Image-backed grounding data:
·····

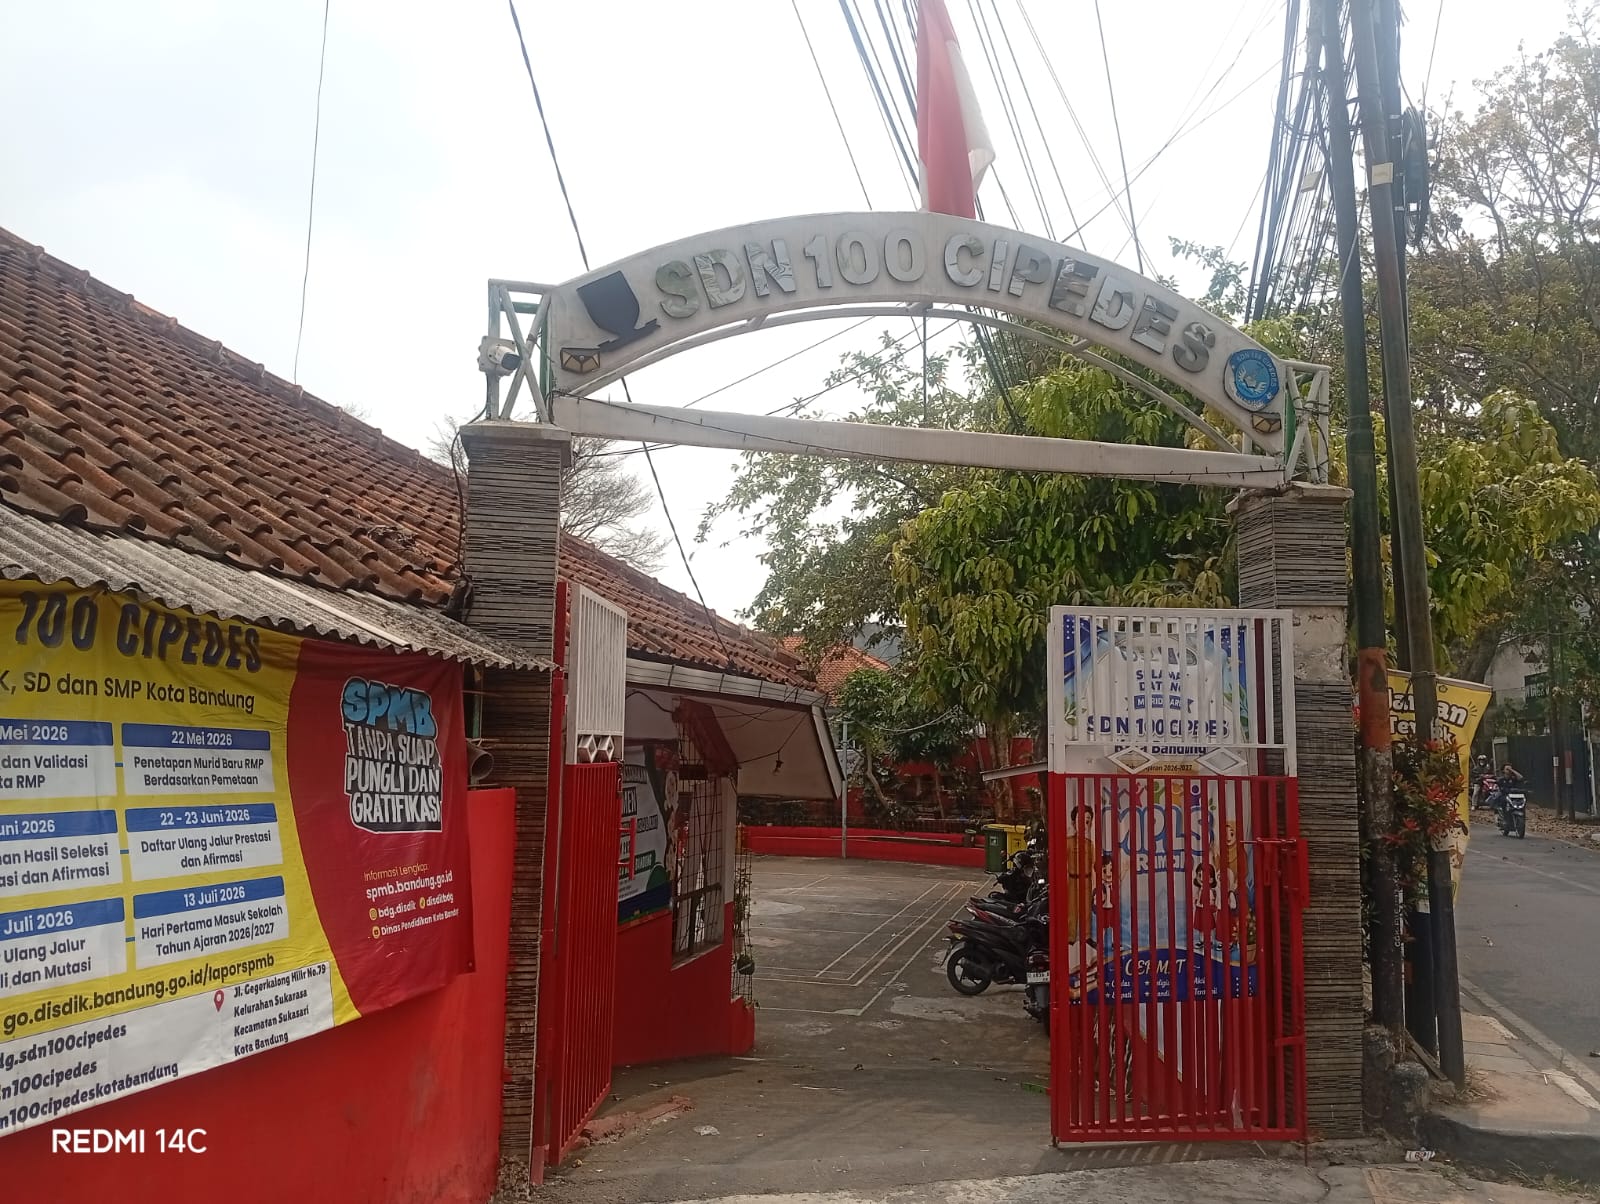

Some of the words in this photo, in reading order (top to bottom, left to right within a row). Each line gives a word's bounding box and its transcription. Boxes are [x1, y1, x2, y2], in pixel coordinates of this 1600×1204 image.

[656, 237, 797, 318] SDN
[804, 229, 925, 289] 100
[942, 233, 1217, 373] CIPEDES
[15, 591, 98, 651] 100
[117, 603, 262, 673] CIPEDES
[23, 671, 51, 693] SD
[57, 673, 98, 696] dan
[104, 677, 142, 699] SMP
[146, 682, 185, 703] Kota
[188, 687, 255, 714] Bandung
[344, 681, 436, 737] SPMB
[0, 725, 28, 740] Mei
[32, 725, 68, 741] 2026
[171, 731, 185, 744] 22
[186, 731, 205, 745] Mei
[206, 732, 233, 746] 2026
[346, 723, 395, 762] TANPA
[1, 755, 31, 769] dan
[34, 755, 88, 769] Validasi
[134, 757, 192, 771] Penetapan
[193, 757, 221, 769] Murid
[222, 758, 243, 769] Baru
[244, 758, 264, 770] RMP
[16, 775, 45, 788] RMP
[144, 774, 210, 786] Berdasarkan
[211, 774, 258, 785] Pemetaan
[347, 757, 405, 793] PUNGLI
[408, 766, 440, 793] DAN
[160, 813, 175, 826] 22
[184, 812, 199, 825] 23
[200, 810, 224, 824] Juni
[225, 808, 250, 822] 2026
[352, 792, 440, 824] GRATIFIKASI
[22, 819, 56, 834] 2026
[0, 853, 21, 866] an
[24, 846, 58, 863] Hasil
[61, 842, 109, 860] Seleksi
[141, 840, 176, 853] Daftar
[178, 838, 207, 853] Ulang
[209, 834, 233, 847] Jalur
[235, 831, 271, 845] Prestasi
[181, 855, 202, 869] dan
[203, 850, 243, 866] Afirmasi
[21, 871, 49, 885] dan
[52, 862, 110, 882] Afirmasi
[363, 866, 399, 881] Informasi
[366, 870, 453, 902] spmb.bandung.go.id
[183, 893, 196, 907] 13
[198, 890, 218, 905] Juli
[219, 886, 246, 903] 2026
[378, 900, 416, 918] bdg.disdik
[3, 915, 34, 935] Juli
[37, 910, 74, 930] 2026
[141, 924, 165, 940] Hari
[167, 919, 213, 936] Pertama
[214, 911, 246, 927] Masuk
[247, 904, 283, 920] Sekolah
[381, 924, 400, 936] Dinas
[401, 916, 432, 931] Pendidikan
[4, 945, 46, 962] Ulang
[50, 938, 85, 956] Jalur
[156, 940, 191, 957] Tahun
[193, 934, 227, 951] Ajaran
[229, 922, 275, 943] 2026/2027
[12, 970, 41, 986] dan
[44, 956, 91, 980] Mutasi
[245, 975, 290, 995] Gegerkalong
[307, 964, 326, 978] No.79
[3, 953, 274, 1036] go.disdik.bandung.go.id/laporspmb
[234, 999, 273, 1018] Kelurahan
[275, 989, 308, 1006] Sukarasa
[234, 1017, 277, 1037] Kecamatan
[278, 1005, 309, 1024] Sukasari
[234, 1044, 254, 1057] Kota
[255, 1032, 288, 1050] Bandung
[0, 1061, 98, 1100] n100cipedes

·····

Goal of the exercise: Say how many lines of the data include the word "disdik". Nothing other than the number should be given.

Task output: 2